INFORMATION SHOWN →
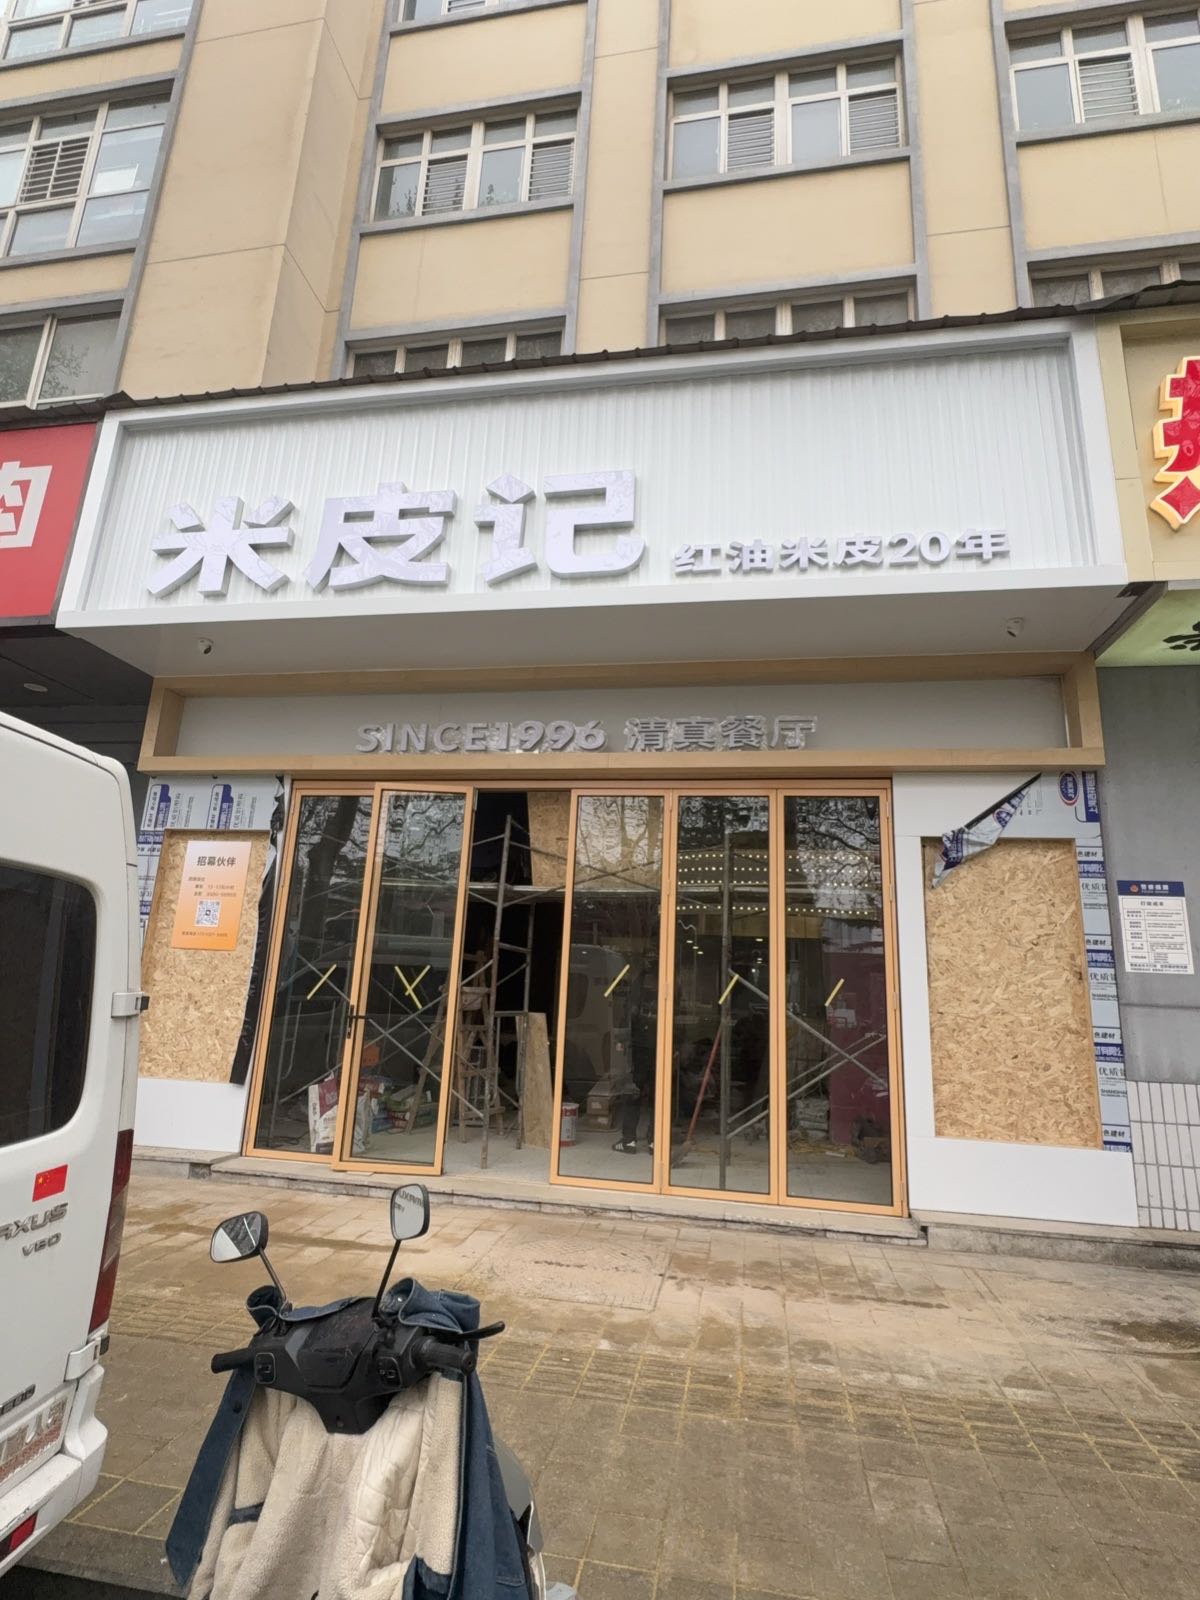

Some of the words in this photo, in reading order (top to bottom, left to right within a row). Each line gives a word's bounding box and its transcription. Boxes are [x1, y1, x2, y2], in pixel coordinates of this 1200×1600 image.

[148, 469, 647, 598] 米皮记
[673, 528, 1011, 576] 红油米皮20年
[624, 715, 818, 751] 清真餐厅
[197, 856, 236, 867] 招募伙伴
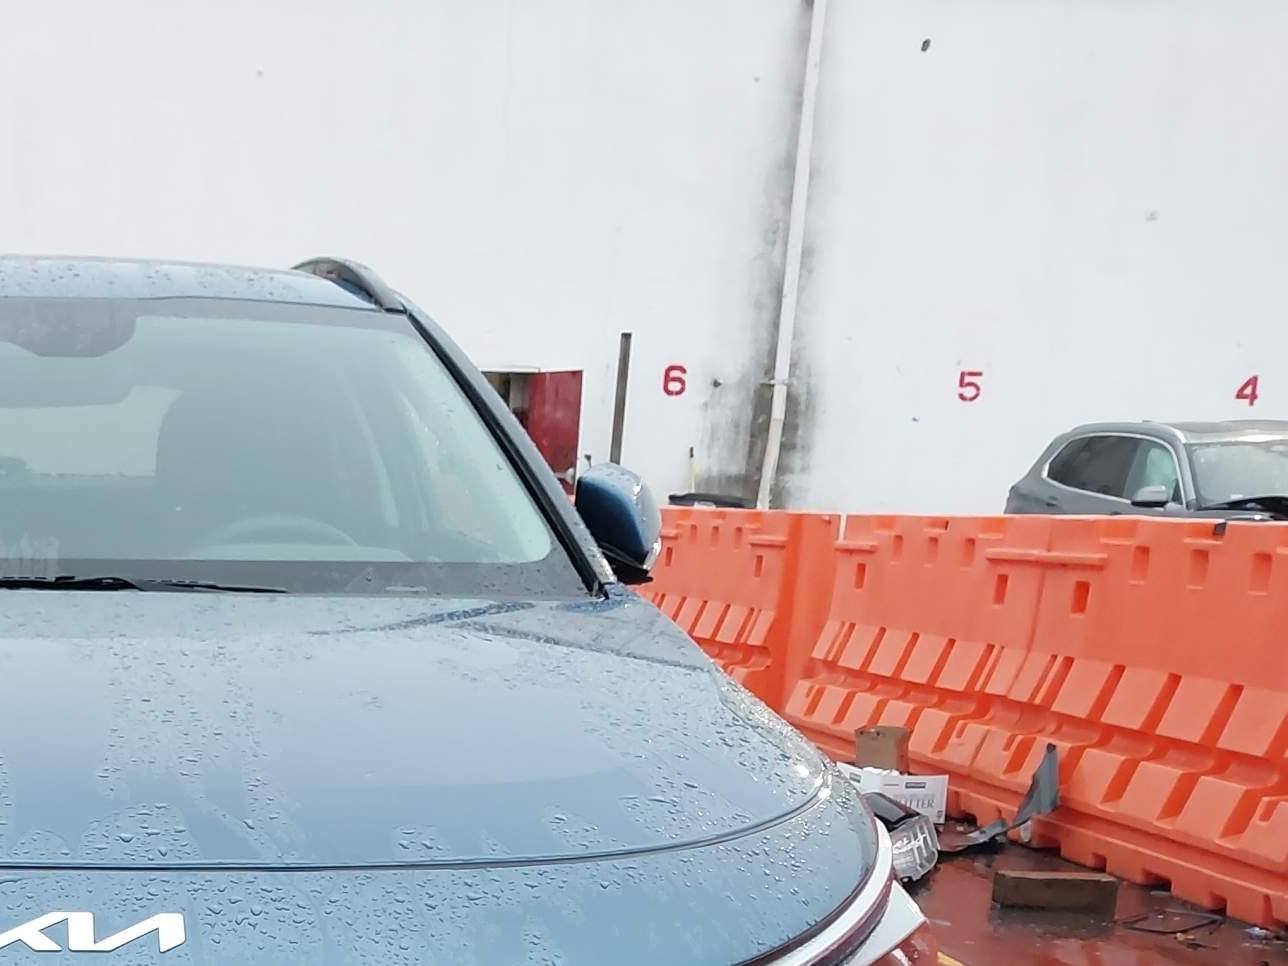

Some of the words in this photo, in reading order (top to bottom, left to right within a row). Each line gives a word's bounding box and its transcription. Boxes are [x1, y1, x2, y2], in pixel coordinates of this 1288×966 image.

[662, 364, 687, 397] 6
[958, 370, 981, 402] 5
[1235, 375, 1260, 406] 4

EXERCISE REQUIREMENTS →
Repeat each of the records exactly as written, except for the pictures, which are to be left out.

FINISHED TASK →
Some of the words in this photo, in reading order (top to bottom, left to right within a row). Each line gives a word's bounding box and its transcription. Boxes are [x1, y1, x2, y2], in pixel coordinates of this 1200×1600 image.

[148, 469, 647, 598] 米皮记
[673, 528, 1011, 576] 红油米皮20年
[624, 715, 818, 751] 清真餐厅
[197, 856, 236, 867] 招募伙伴

Some of the words in this photo, in reading order (top to bottom, left to right within a row). Each line gives a word's bounding box and its transcription. Boxes are [x1, y1, x2, y2], in pixel coordinates of this 1288×966 image.

[662, 364, 687, 397] 6
[958, 370, 981, 402] 5
[1235, 375, 1260, 406] 4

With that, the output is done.